1940. Senza dubbio Egli, il nostro Dio e Signore, si sarebbe offerto una volta per tutte a Dio Padre sull’altare della croce con la sua morte (Eb VII,27) per realizzare una Redenzione eterna per loro. Tuttavia, poiché non voleva che il suo sacerdozio si spegnesse con la morte (Eb VII,24), nell’ultima cena, “nella notte in cui fu tradito” (1 Cor XI,23), volle lasciare alla Chiesa, sua amata sposa, un Sacrificio visibile (come richiede la natura umana). Questo avrebbe rappresentato il Sacrificio cruento che si sarebbe compiuto una volta per tutte sulla croce, il cui ricordo sarebbe rimasto fino alla fine del mondo e la cui virtù salutare sarebbe stata applicata alla remissione di quei peccati che commentiamo ogni giorno. Dichiarandosi Sacerdote per sempre secondo l’ordine di Melchisedech (Sal CIX,4 Eb V,6 Eb VII,17) offrì il suo Corpo e il suo Sangue a Dio Padre sotto le specie del pane e del vino; sotto il simbolo di questi li diede agli Apostoli (che allora costituì Sacerdoti della Nuova Alleanza) perché li prendessero; e ad essi e ai loro successori nel Sacerdozio comandò di offrirli, pronunciando queste parole: “Fate questo in memoria di me” (Lc XXII:19 1Co XII:24) , ecc., come la Chiesa cattolica ha sempre inteso e insegnato (cf. 1752).

1741. Infatti, dopo aver celebrato l’antica Pasqua, che la moltitudine dei figli d’Israele sacrificava in ricordo della loro uscita dall’Egitto (Es 12), istituì la nuova Pasqua, nella quale Egli stesso doveva essere sacrificato dalla Chiesa per mezzo del ministero dei Sacerdoti, sotto segni visibili in ricordo del suo passaggio da questo mondo a suo Padre, quando, con lo spargimento del suo sangue, ci riscattò e “ci strappò dal potere delle tenebre e ci introdusse nel suo regno” (Col 1, 13).

1742. Questa è l’oblazione pura, che non può essere contaminata da alcuna indegnità o malizia da parte di coloro che la offrono, che il Signore aveva predetto per mezzo di Malachia che sarebbe stata offerta pura in ogni luogo nel suo Nome, che sarebbe stata grande tra le nazioni (Ml 1:11), che l’Apostolo Paolo ha designato in modo inequivocabile quando, scrivendo ai Corinzi, ha detto: Chi si è contaminato partecipando alla mensa dei demoni non può partecipare alla mensa del Signore (1Co X,21) intendendo con la parola “mensa”, in entrambi i casi, l’altare.
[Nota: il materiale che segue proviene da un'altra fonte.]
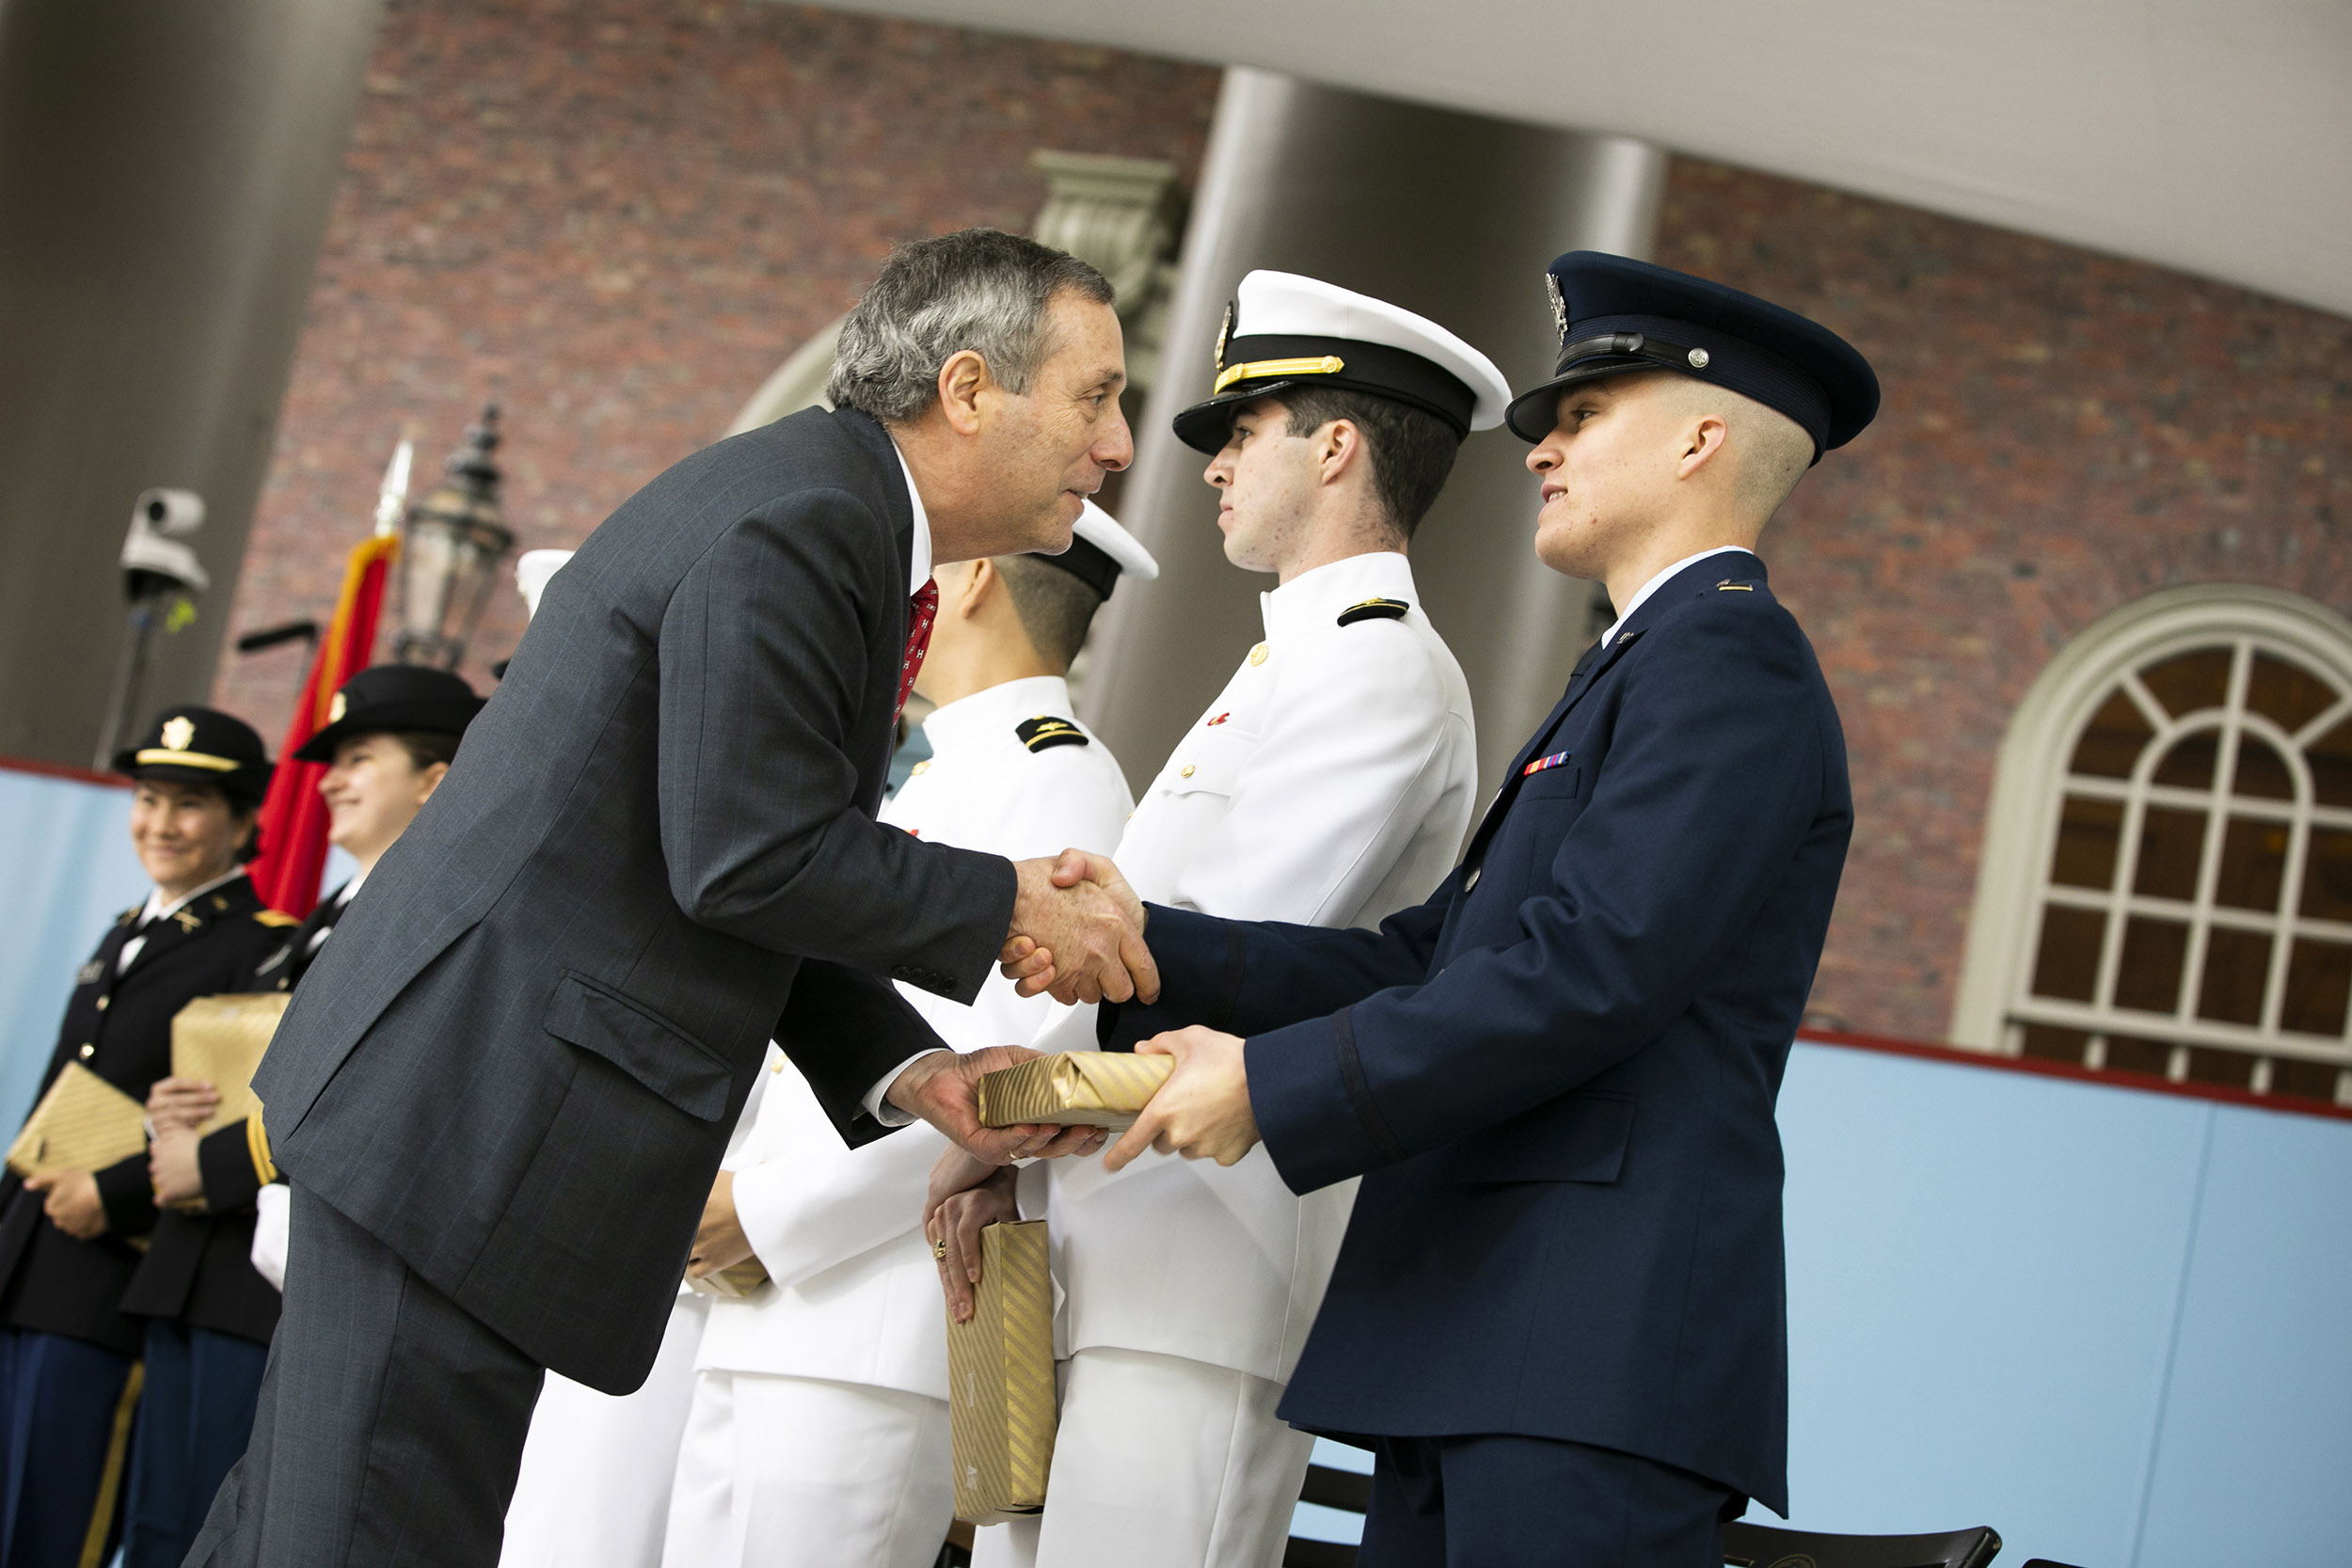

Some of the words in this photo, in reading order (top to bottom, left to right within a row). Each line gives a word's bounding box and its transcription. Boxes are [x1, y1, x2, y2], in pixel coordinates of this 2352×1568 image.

[921, 619, 929, 629] H
[916, 648, 925, 659] H
[907, 676, 914, 687] H
Infine, è l’altare che, al tempo della natura e della Legge, era rappresentato dalle varie immagini dei sacrifici (Gn IV,4 Gn VIII,20 Gn XII,8 Gn 22,1-19 (Es: passim), in quanto contiene in sé tutti i beni che questi significano, essendo la consumazione e la perfezione di tutto.

Capitolo 2. Il sacrificio visibile, espiazione per i vivi e per i morti.

1743. Perché, in questo Sacrificio divino che si compie nella Messa, questo stesso Cristo è contenuto e immolato in modo incruento, Colui che si è offerto una volta per tutte in modo cruento sull’altare della croce (Eb IX,14 Eb IX,27) il santo Concilio insegna che questo Sacrificio sia veramente propiziatorio (cf. 1753) e che attraverso di esso, se ci avviciniamo a Dio con cuore sincero e fede retta, con timore e riverenza, contriti e penitenti, “otteniamo misericordia e la grazia di un aiuto tempestivo” (Eb IV,16).Appagato dall’oblazione di questo Sacrificio, il Signore, concedendo la grazia ed il dono della penitenza, perdona i delitti ed i peccati, anche quelli enormi. Si tratta, infatti, di una stessa vittima, la stessa che, offrendosi ora attraverso il ministero dei Sacerdoti, si offrì allora sulla croce, solo che il modo di offrire è diverso. I frutti di questa oblazione – quella cruenta – sono ricevuti abbondantemente per mezzo di questa oblazione incruenta; tanto che l’oblazione cruenta non toglie nulla a quella incruenta (cf. 1754). Perciò, secondo la tradizione degli Apostoli, essa viene legittimamente offerta, non solo per i peccati, i dolori, le soddisfazioni e le altre necessità dei fedeli viventi, ma anche per coloro che sono morti in Cristo e non sono ancora pienamente purificati (cf. 1753).

Capitolo 3: Messe in onore dei Santi.

1744. Sebbene la Chiesa sia solita celebrare alcune Messe in onore e memoria dei Santi, essa insegna che non è a loro che si offre il Sacrificio, ma a Dio solo che li ha incoronati.

1755. Così il Sacerdote non è solito dire: “Offro il sacrificio a voi, Pietro e Paolo”, ma, ringraziando Dio per le loro vittorie, ne implora la protezione, “… affinché si degnino di intercedere per noi in cielo proprio coloro che ricordiamo sulla terra”.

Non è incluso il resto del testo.